Leidet ein Kind an Durchfall ist es nicht unbedingt notwendig, gleich zur Tablette zu greifen, denn das Ausscheiden von Giftstoffen hat eine selbstreinigende Wirkung auf den Körper. Hat Ihr Kind einen oder zwei dünne Stühle pro Tag, so normalisiert sich der Darm meist innerhalb einer kurzen Zeit wieder und die ganze Geschichte war harmlos. Dauert der Durchfall jedoch länger und ist heftig, sollten Sie unbedingt einen Kinderarzt zur Rate ziehen. Vor allem Säuglinge und Kleinkinder können durch den hohen Flüssigkeitsverlust innerlich austrocknen - Anzeichen hierfür sind Schläfrigkeit und zunehmende Teilnahmslosigkeit. Auch sollten Sie rasch einen Arzt aufsuchen, wenn Ihr Nachwuchs Durchfälle mit Blut hat, hohes Fieber, Krämpfe und Koliken - sowie wenn es alles, was es trinkt erbricht.
Auf fast jede Infektion reagieren Säuglinge und Kleinkinder mit Verdauungsstörungen, eine «Darmgrippe» dauert bei Kindern in etwa drei bis fünf Tage an und kann von leichtem Fieber und Erbrechen begleitet sein.

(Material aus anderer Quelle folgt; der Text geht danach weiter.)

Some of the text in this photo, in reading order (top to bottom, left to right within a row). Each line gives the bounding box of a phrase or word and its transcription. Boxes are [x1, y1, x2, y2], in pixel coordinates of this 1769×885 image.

Hier sollten die Eltern darauf achten, dass das Kind genügend Flüssigkeit zu sich nimmt - am ersten Tag eignet sich Kamillen- und Fencheltee besonders gut. Der Flüssigkeitsverlust wird kompensiert und die Verdauung beruhigt. Des Weiteren kann mit einer Prise Salz und etwas Zucker ein Verlust an Mineralstoffen ausgeglichen werden. Auch eine anschliessende Apfelkur verleiht dem Organismus des Kindes wieder neuen Schwung. Einfach mehrmals am Tag eine kleine Portion ungeschälte und frisch geriebene Äpfel verabreichen.

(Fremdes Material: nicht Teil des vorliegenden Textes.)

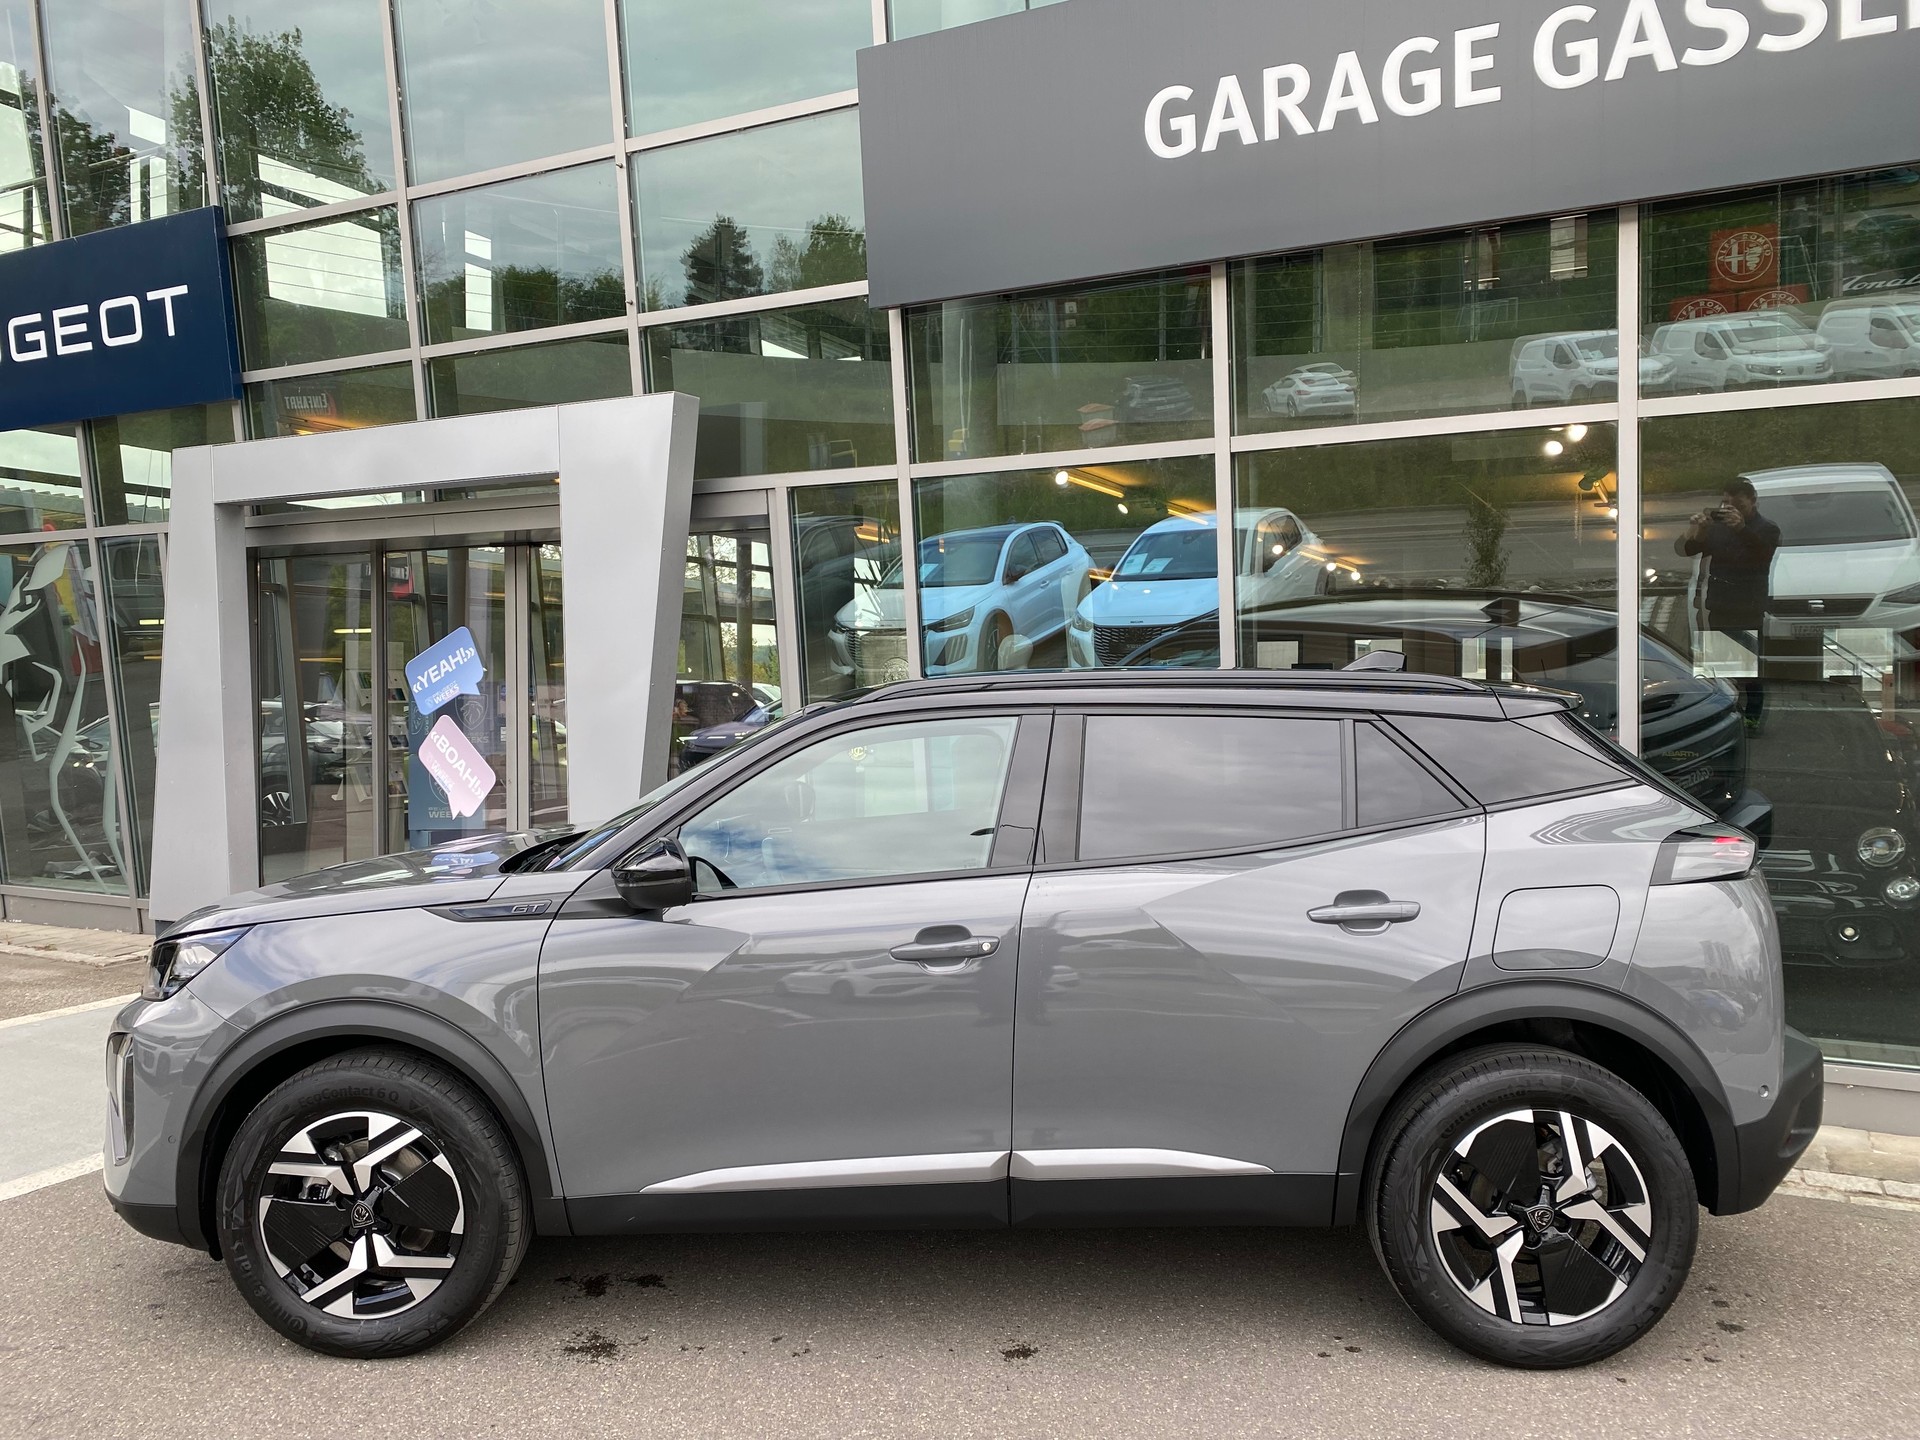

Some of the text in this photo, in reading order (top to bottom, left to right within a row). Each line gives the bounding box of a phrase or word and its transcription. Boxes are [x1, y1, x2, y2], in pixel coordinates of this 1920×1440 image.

[1144, 22, 1501, 159] GARAGE
[1742, 233, 1772, 256] ROMEO
[0, 284, 189, 362] GEOT
[512, 903, 544, 914] GT

Im Gegensatz zu Durchfall ist Verstopfung eine Verdauungsstörung, die bei Kindern seltener auftritt. Erwachsene halten pro Tag durchschnittlich eine «Sitzung» ab, bei Kindern kann dies sehr variieren. Pausen von ein oder zwei Tagen beim Stuhlgang sind hier ganz normal und noch kein Anlass zur Sorge. Im Bedarfsfall kann eine leichte Massage des Unterleibs mit Mandelöl die Verstopfung lösen und mögliche Krämpfe lindern. Ebenfalls eine verdauungsfördernde Wirkung haben Bitterstoffe, welche beispielsweise in Sonnenblumen-, Erdnuss- und Maisöl sowie in gehackten Zwiebeln zu finden sind. Fenchel, Kümmel, Ingwer, Koriander und Majoran zählen zu den verdauungsfördernden Gewürzen.
Trockenfrüchte wie Feigen und Pflaumen oder Leinsamen sagen der Verstopfung auf gesunde Weise den Kampf an. Leidet Ihr Kind jedoch unter starken Bauchschmerzen, wirkt apathisch oder erbricht, sollten Sie umgehend Ihren Kinderarzt konsultieren. Vorbeugend wirkt eine ballaststoffreiche Ernährung mit Vollkorn, Gemüse und Obst gegen Verstopfung. Des Weiteren sollten Sie darauf achten, dass Ihr Kind regelmässig zur Toilette geht, damit sich hier ein gewisser Rhythmus einstellen kann.